▶ _Supplied entries_:
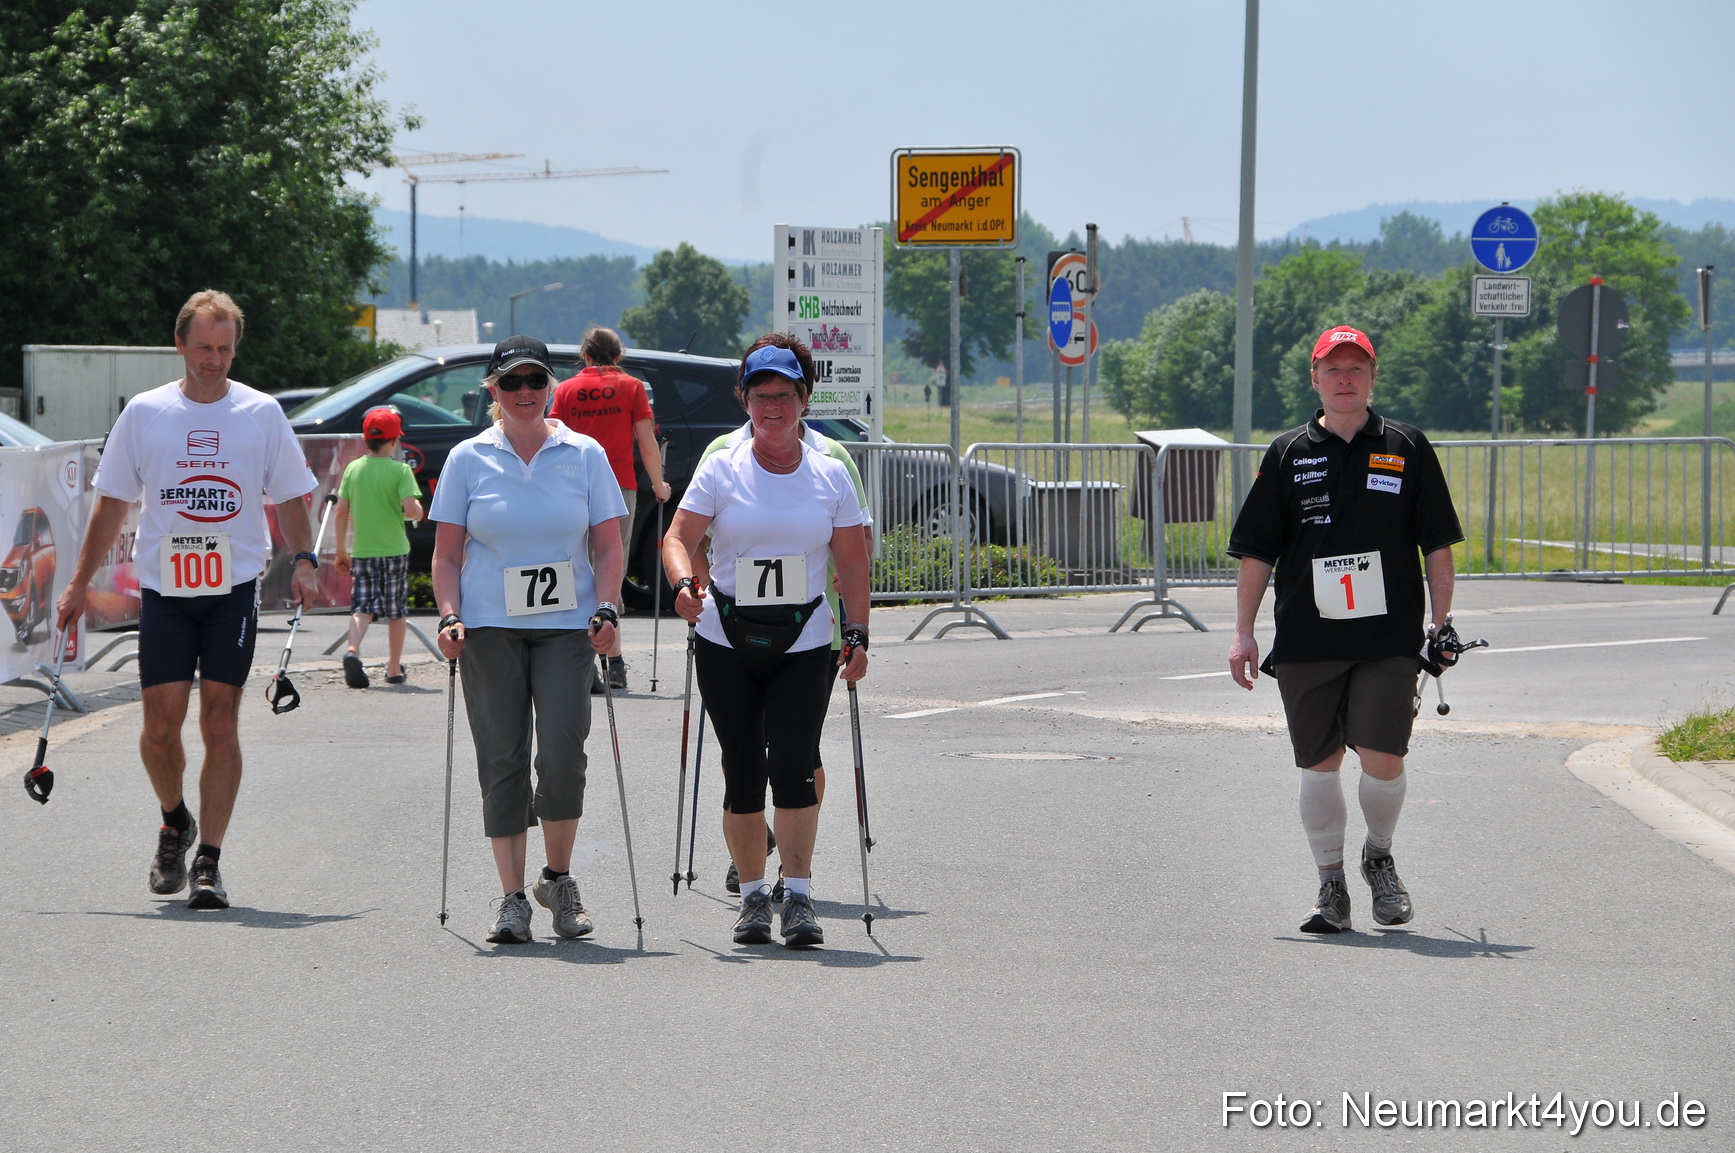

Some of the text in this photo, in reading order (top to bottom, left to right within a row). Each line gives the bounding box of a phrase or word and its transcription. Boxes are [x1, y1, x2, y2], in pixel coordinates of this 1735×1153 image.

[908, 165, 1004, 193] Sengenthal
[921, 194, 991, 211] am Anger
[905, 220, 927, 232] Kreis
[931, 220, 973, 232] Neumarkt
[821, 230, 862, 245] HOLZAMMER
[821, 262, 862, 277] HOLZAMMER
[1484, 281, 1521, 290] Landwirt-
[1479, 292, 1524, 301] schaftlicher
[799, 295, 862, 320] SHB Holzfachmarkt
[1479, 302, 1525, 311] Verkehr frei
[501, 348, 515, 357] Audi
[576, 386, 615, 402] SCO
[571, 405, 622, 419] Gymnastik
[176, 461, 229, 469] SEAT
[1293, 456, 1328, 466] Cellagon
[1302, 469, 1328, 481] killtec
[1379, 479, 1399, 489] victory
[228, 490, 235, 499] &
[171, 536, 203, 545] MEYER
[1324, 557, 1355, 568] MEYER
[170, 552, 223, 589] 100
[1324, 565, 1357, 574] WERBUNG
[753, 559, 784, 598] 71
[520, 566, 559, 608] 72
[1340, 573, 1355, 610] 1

▶ _Goal of the exercise_: Return all of the records above exactly as written. Omit each picture.

▶ _Response to the exercise_:
Some of the text in this photo, in reading order (top to bottom, left to right within a row). Each line gives the bounding box of a phrase or word and its transcription. Boxes are [x1, y1, x2, y2], in pixel coordinates of this 1735×1153 image.

[908, 165, 1004, 193] Sengenthal
[921, 194, 991, 211] am Anger
[905, 220, 927, 232] Kreis
[931, 220, 973, 232] Neumarkt
[821, 230, 862, 245] HOLZAMMER
[821, 262, 862, 277] HOLZAMMER
[1484, 281, 1521, 290] Landwirt-
[1479, 292, 1524, 301] schaftlicher
[799, 295, 862, 320] SHB Holzfachmarkt
[1479, 302, 1525, 311] Verkehr frei
[501, 348, 515, 357] Audi
[576, 386, 615, 402] SCO
[571, 405, 622, 419] Gymnastik
[176, 461, 229, 469] SEAT
[1293, 456, 1328, 466] Cellagon
[1302, 469, 1328, 481] killtec
[1379, 479, 1399, 489] victory
[228, 490, 235, 499] &
[171, 536, 203, 545] MEYER
[1324, 557, 1355, 568] MEYER
[170, 552, 223, 589] 100
[1324, 565, 1357, 574] WERBUNG
[753, 559, 784, 598] 71
[520, 566, 559, 608] 72
[1340, 573, 1355, 610] 1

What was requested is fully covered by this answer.